Acute stress usually won’t affect your health too much. It is your body’s natural reaction to circumstances, and can even be life-saving.
Then, when the “threat” (a.k.a. “stressor”) is gone, the reaction subsides, and all is well.
It is the chronic stress that is a problem. You see, your body has specific stress reactions. If these stress reactions are triggered every day or many times a day, that can mess with your health.
Stress (and stress hormones) can have a huge impact on your health. Here we dive into the "stress mess", that is consequences of long-term stressors on your body and mind.
Mess #1 - Increased risk of heart disease and diabetes
Why save the best for last? Anything that increases the risk for heart disease and diabetes (both serious, chronic conditions) needs to be discussed.
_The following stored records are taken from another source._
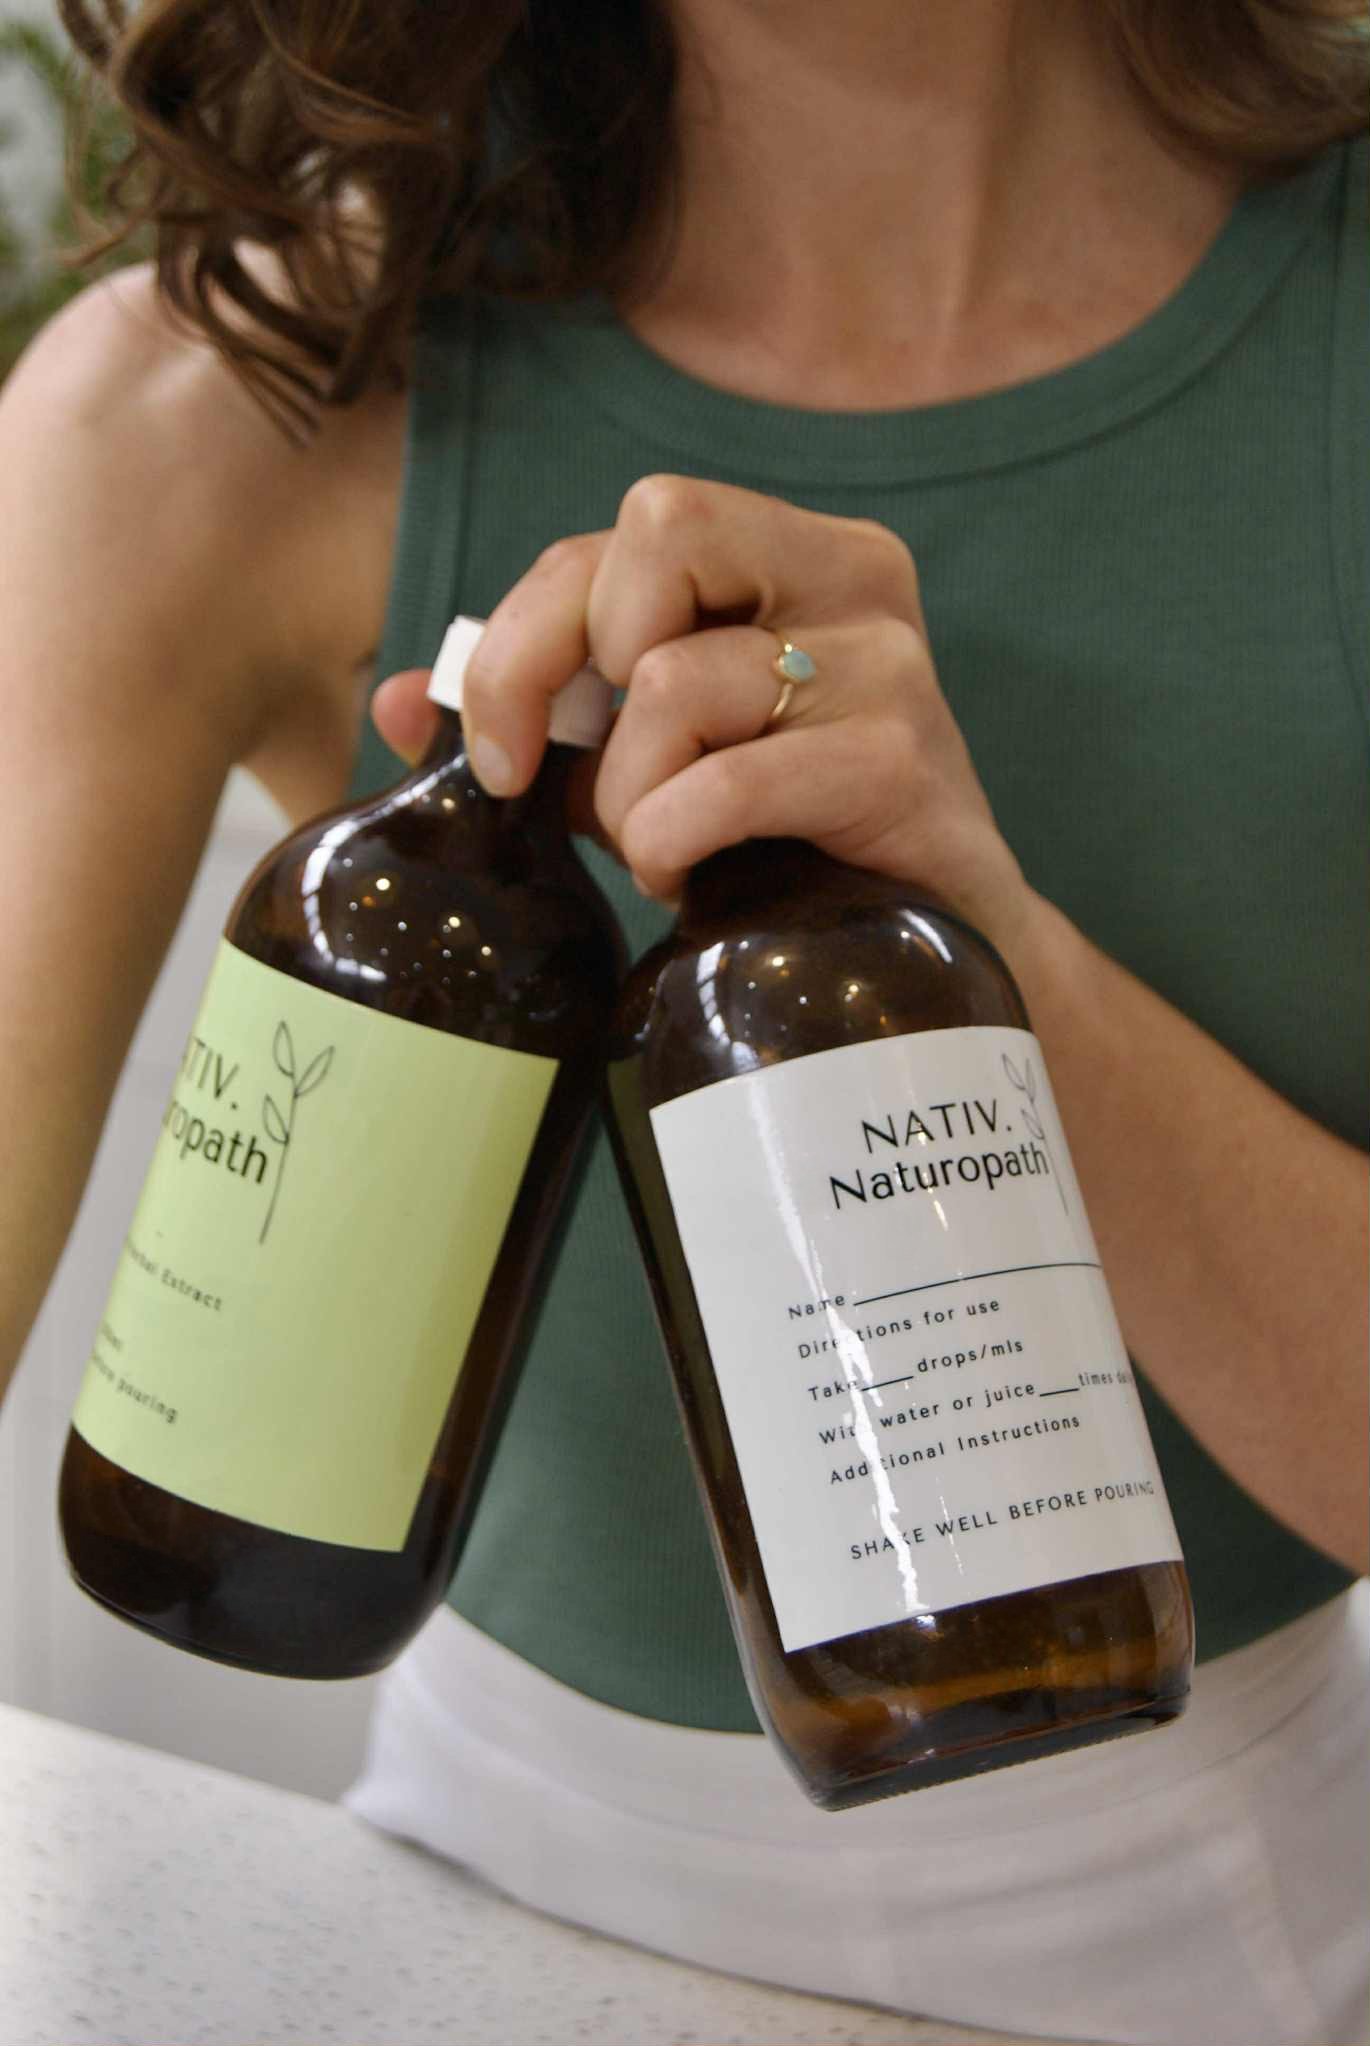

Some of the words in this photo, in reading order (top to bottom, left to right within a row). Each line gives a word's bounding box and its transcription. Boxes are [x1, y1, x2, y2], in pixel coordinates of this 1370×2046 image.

[861, 1098, 1013, 1154] NATIV.
[829, 1142, 1050, 1210] Naturopath
[797, 1317, 913, 1360] Dirtions
[923, 1306, 955, 1326] for
[966, 1298, 1001, 1317] use
[916, 1339, 1024, 1374] drops/mls
[818, 1424, 864, 1444] Wit
[879, 1402, 940, 1429] water
[952, 1395, 974, 1412] or
[984, 1382, 1036, 1409] juice
[1078, 1370, 1114, 1387] times
[830, 1440, 945, 1485] Addional
[957, 1414, 1081, 1451] Instructions
[935, 1510, 999, 1538] WELL
[1008, 1489, 1088, 1521] BEFORE
[1094, 1480, 1156, 1504] POURING
Stress increased the risk for heart disease and diabetes by promoting chronic inflammation, affecting your blood "thickness," as well as how well your cells respond to insulin.
Mess #2 - Immunity
Did you notice that you get sick more often when you are stressed? Maybe you get colds, cold sores, or even the flu more frequently when you are stressed?
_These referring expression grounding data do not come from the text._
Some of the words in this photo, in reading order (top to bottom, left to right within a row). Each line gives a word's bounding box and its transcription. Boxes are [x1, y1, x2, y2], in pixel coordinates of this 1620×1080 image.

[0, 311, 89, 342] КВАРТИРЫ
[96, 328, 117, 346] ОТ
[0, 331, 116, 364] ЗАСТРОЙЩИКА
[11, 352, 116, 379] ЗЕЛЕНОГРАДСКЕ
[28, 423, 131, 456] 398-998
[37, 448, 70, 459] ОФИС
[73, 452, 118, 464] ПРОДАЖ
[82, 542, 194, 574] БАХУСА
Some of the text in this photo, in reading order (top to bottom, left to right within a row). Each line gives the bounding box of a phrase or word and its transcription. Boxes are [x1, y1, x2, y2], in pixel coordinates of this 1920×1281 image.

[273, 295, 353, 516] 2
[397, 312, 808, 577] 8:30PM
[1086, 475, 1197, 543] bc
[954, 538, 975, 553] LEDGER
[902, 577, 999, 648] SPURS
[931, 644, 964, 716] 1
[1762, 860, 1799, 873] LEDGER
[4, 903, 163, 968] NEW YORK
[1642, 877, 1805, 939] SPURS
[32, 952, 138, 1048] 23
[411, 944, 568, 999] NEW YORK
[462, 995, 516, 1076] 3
Well, that is because stress hormones affect the chemical messengers (cytokines) secreted by immune cells consequently, they are less able to do their jobs effectively.
Mess #3 - "Leaky gut"
Stress can contribute to leaky gut, otherwise known as "intestinal permeability." These "leaks" can then allow partially digested food, bacteria or other things to be absorbed into your body.
The stress hormone cortisol can open up tiny holes by loosening the grip your digestive cells have to each other.
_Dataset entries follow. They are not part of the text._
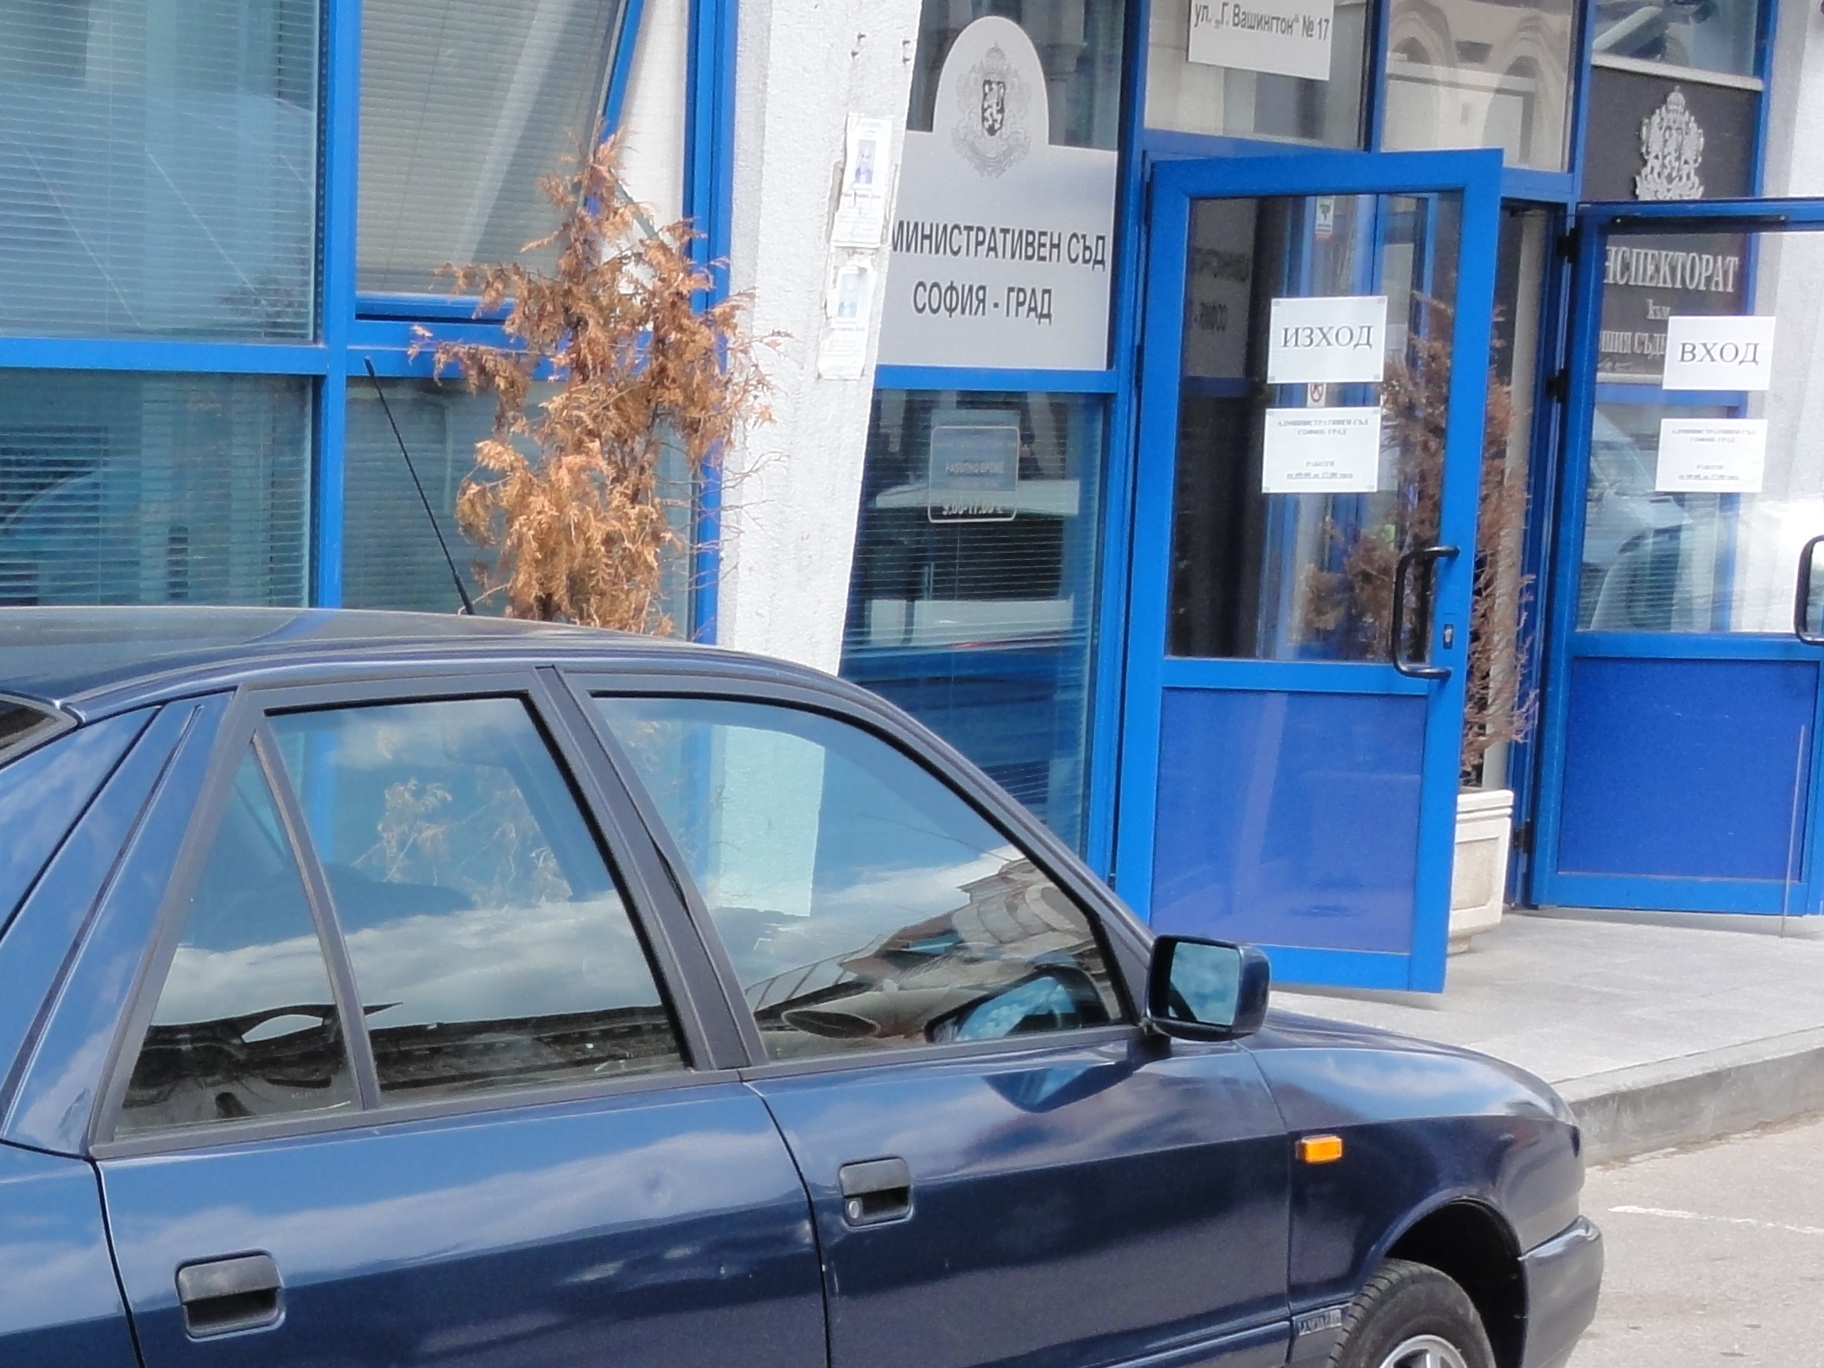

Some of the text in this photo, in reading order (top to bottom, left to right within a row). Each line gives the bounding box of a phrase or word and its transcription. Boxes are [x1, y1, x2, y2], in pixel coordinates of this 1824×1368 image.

[1194, 4, 1212, 28] ул.
[1302, 16, 1314, 38] №
[1317, 18, 1330, 41] 17
[1067, 232, 1106, 272] СЪД
[1604, 246, 1738, 292] НСПЕКТОРАТ
[913, 281, 987, 318] СОФИЯ
[1005, 286, 1053, 325] ГРАД
[1282, 325, 1374, 350] ИЗХОД
[1600, 331, 1632, 354] ШИЯ
[1679, 342, 1760, 367] ВХОД
Picture this: Have you ever played "red rover?" It's where a row of children hold hands while one runs at them to try to break through. Think of those hands as the junctions between cells. When they get loose, they allow things to get in that should be passing right through. Cortisol (produced in excess in chronic stress) is a strong player in red rover!
Mess #4 - Sleep Disruption
Stress and sleep go hand-in-hand, wouldn’t you agree? It’s often difficult to sleep when you have very important (and stressful) things on your mind.
And when you don't get enough sleep, it affects your energy level, memory, ability to think, and mood.
More and more research is showing just how important sleep is for your health. Not enough sleep (and too much stress) aren't doing you any favours.
Stress-busting tips
Reducing stressors in your life is an obvious first step. Can you:
Put less pressure on yourself?
Ask for help?
Say "no"?
Delegate to someone else?
Finally, make that decision?
Take time to reflect on these questions. As pointed above, unaddressed stress has devastating consequences and some changes have to take place to reduce stressors.
No matter how hard you try, you won’t eliminate stress altogether. So, here are a few things you can try to help reduce its effect on you:
Deep breathing
Meditation
Walk in nature
Unplug (read a book, take a bath)
Exercise (yoga, tai chi, etc.)
Connect with loved ones
Taking time to develop stress-management strategies is of utmost importance and should not be taken lightly. Make it a concerted effort!
Conclusion
Stress is a huge and often underappreciated factor in our health. It can impact your physical body much more than you might realize.
Stress has been shown to increase the risk for heart disease and diabetes, affect your immune system, digestion and sleep.
There are important lifestyle strategies you can implement to both reduce stressors and also to improve your response to it.
It is up to you to ditch that stress mess!